In an effort to make MR fingerprinting an even more promising method for clinical settings, the researchers sought to incorporate a fast reconstruction method, Schauman said. They used a subspace reconstruction technique that takes approximately seven minutes to perform and involves three subspace components – instead of the usual five that are used – and three coils.

MR fingerprinting acquisition and reconstruction

The researchers then used machine learning-based synthesis to further improve scan quality and speed. To train the algorithm, they used data contributed from 14 healthy volunteers.
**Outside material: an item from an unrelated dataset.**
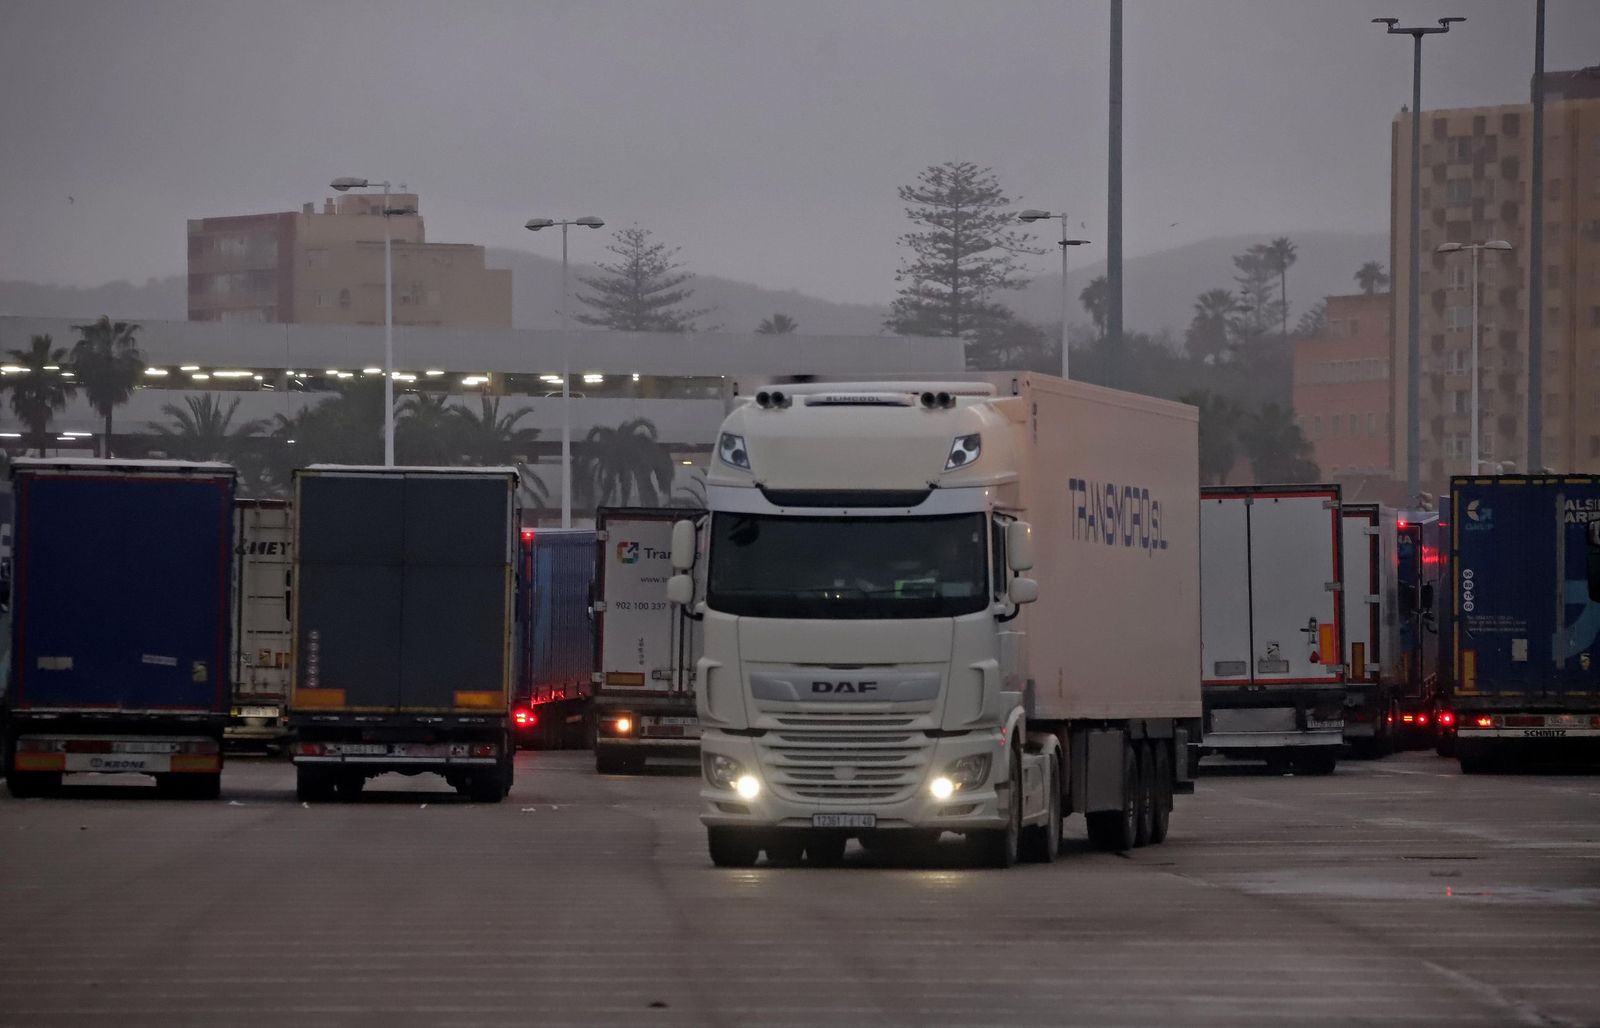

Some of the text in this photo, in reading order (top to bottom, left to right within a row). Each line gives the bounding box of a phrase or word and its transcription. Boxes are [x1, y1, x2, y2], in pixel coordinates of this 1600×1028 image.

Of the 14 subjects, 10 were used for training, two were used for validation, and two were used to test the model – a previously proposed generative adversarial network.

“To improve robustness of the pipeline in the clinic, a 30-second large field-of-view prescan was included,” Schauman said. “In future work, we intend to use the prescan for B0 and B1 estimation, but for now, we use it to optimize our coil compression to suppress signal outside the field of view using a method called [region-optimized virtual (ROVir) coils] and also automatically apply shifts to the data [to] ensure that the brain was centred in the field of view.”

Compared to images reconstructed using the traditional technique that takes four hours, the fast reconstruction method has more undersampling artefacts, more blurring and more noise, Schauman said.

“However, if this information can be recovered in the synthesis network, all of this doesn’t matter at all,” she said.

In the two test subjects, the synthesized T1-weighted magnetization-prepared rapid acquisition gradient-echo (MP-RAGE), T2-weighted, T2 fluid-attenuated inversion recovery (FLAIR) and double inversion recovery (DIR) images had highly similar slicewise structural similarity indexes compared with synthesized images produced from the reference reconstruction technique.

“Future directions of the project include continued clinical data collection, with the aim to include patients in the training data set using semisupervised methods and improved robustness of the pipeline regarding patient positioning in the field of view,” Schauman said. “We also aim to further optimize the time/quality trade-off by acquiring faster B0 and B1 maps for calibration of quantitative imaging.”